• _WHAT IS NEEDED_:
Take the line that contains "this 960×1280 image." in the data below and each line after it, through the last, and repeat them unchanged.

• _THE DATA_:
Content starts
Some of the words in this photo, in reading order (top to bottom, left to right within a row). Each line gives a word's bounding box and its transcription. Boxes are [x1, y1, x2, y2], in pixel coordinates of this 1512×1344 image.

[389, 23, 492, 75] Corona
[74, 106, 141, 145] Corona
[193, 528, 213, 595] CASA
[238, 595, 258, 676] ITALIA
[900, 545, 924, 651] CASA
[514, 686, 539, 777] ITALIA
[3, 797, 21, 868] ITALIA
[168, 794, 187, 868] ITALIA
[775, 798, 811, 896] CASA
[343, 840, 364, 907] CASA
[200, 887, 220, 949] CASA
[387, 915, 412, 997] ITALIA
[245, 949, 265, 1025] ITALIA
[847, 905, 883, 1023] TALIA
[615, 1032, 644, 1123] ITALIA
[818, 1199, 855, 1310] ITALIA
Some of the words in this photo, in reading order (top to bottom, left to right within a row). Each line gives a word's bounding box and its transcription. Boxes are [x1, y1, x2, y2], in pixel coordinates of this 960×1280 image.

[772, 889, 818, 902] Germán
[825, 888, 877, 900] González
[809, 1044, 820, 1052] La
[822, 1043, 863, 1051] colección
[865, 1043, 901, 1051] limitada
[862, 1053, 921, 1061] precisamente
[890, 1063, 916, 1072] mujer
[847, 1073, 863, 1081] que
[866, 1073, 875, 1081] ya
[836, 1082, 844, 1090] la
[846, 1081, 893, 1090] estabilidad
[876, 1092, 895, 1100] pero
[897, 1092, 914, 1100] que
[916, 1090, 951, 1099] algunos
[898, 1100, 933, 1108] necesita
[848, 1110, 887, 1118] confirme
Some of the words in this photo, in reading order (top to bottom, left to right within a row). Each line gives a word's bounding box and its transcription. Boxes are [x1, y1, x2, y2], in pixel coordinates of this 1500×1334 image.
Content ends
• _EXERCISE OUTPUT_:
Some of the words in this photo, in reading order (top to bottom, left to right within a row). Each line gives a word's bounding box and its transcription. Boxes are [x1, y1, x2, y2], in pixel coordinates of this 960×1280 image.

[772, 889, 818, 902] Germán
[825, 888, 877, 900] González
[809, 1044, 820, 1052] La
[822, 1043, 863, 1051] colección
[865, 1043, 901, 1051] limitada
[862, 1053, 921, 1061] precisamente
[890, 1063, 916, 1072] mujer
[847, 1073, 863, 1081] que
[866, 1073, 875, 1081] ya
[836, 1082, 844, 1090] la
[846, 1081, 893, 1090] estabilidad
[876, 1092, 895, 1100] pero
[897, 1092, 914, 1100] que
[916, 1090, 951, 1099] algunos
[898, 1100, 933, 1108] necesita
[848, 1110, 887, 1118] confirme
Some of the words in this photo, in reading order (top to bottom, left to right within a row). Each line gives a word's bounding box and its transcription. Boxes are [x1, y1, x2, y2], in pixel coordinates of this 1500×1334 image.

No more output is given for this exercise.